M. François Autain a déploré que le terme d'euthanasie ne figure pas dans le code pénal, mais a estimé nécessaire de distinguer entre différents cas de figure, qualifiables d'euthanasie active ou passive, ou encore de directe ou indirecte. Il s'est interrogé sur la capacité de la proposition de loi, dans sa version adoptée par l'Assemblée nationale, à empêcher les deux mille cas annuels d'euthanasie clandestine présumés en France.
Mme Marie-Thérèse Hermange a apprécié que M. Denys Pellerin ait soutenu le « propos du médecin » et s'est inquiétée des incidences que pourrait avoir la proposition de loi sur le traitement des anorexies mentales. Elle a enfin souhaité que soient précisées les conditions dans lesquelles devra délibérer le collège dont l'intervention est prévue avant tout arrêt de soins.

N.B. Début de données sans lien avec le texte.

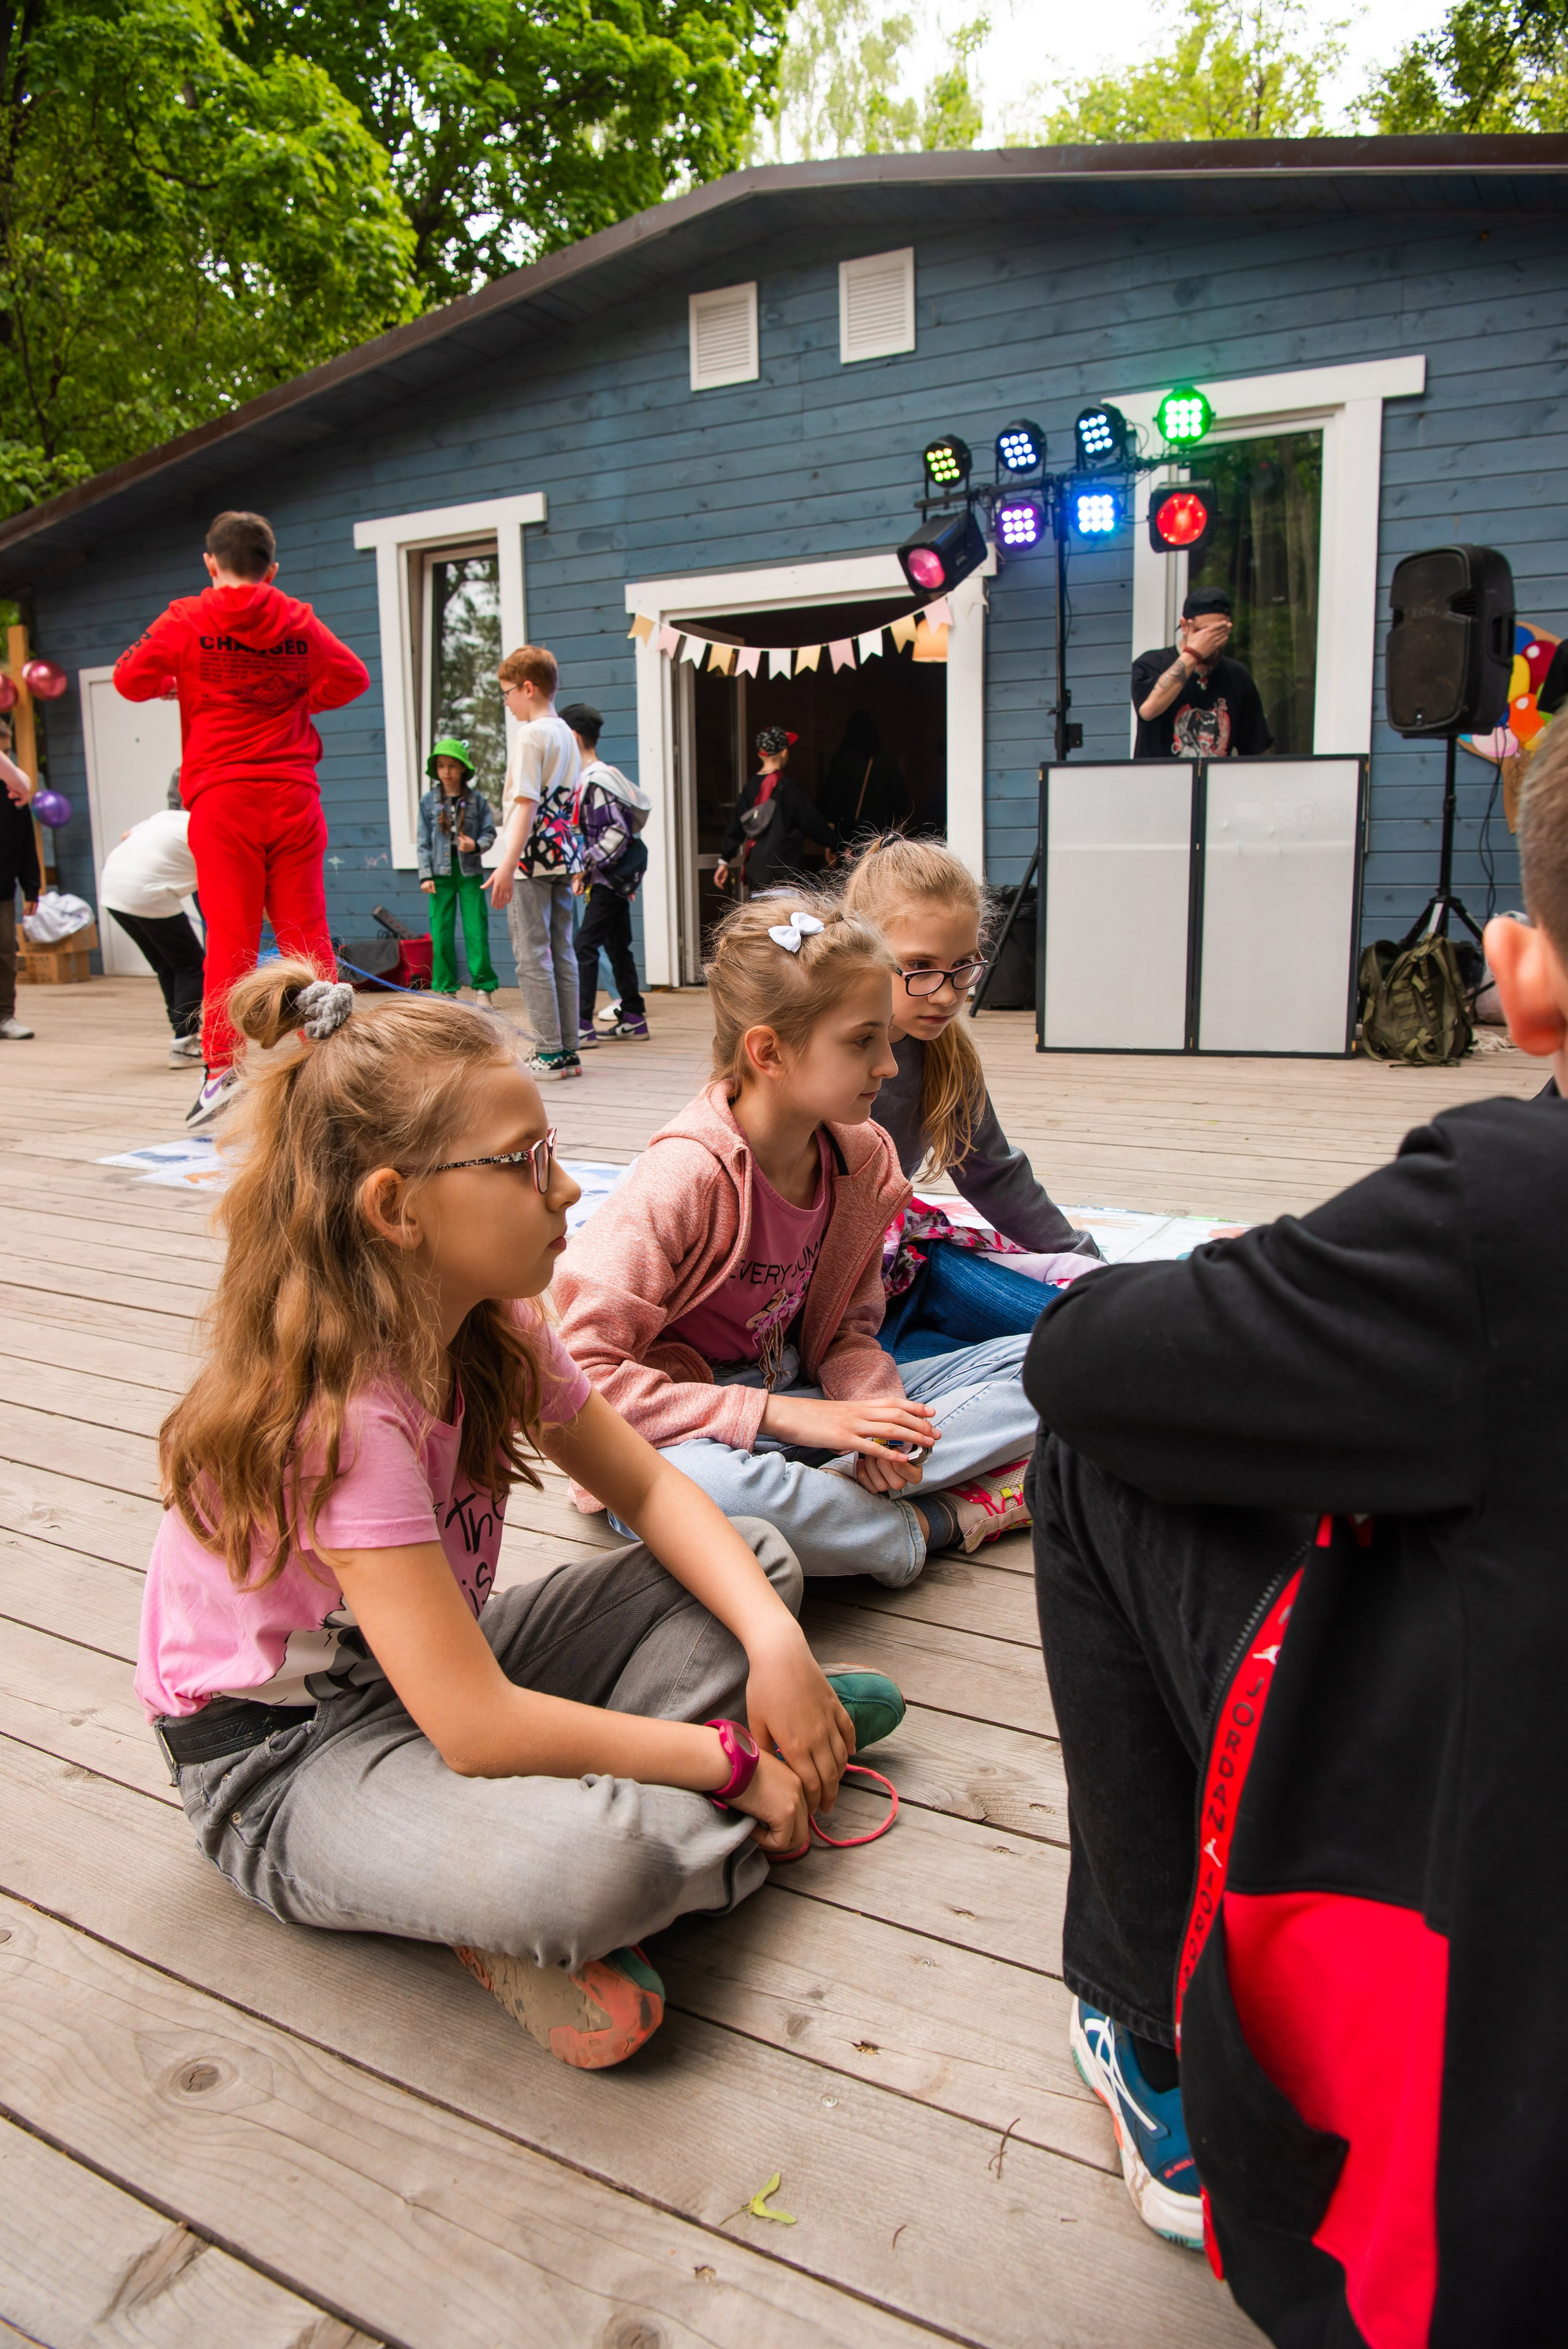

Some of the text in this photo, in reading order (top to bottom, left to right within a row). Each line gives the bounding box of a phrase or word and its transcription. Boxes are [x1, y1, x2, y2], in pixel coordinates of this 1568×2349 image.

M. Jean-Claude Étienne a constaté que la proposition de loi ne saurait résoudre tous les problèmes soulevés par la fin de vie, ni traiter de tous les cas de figure auxquels la médecine peut être confrontée. Il a insisté sur l'importance du collège médical et a souhaité voir sa composition et ses procédures décisionnelles clarifiées.
M. Denys Pellerin a considéré que le recours aux directives anticipées pourrait être opportunément remplacé par une mention des souhaits du patient dans son dossier médical personnel. Les observations et les volontés d'une personne, notamment âgée ou présentant un passé thérapeutique complexe, constituent naturellement des informations méritant d'y figurer.
Il a ensuite considéré que le législateur, par cette proposition de loi, franchit un pas important en définissant dans la loi l'euthanasie comme un acte volontaire, auquel ne pourra plus désormais être assimilé le refus des praticiens de se livrer à un acharnement thérapeutique.
Il a enfin observé que l'anorexie mentale, à la différence des tétraplégies ou maladies nerveuses sévères, est guérissable et soulève de ce fait des problématiques d'un autre ordre que celles de la fin de vie.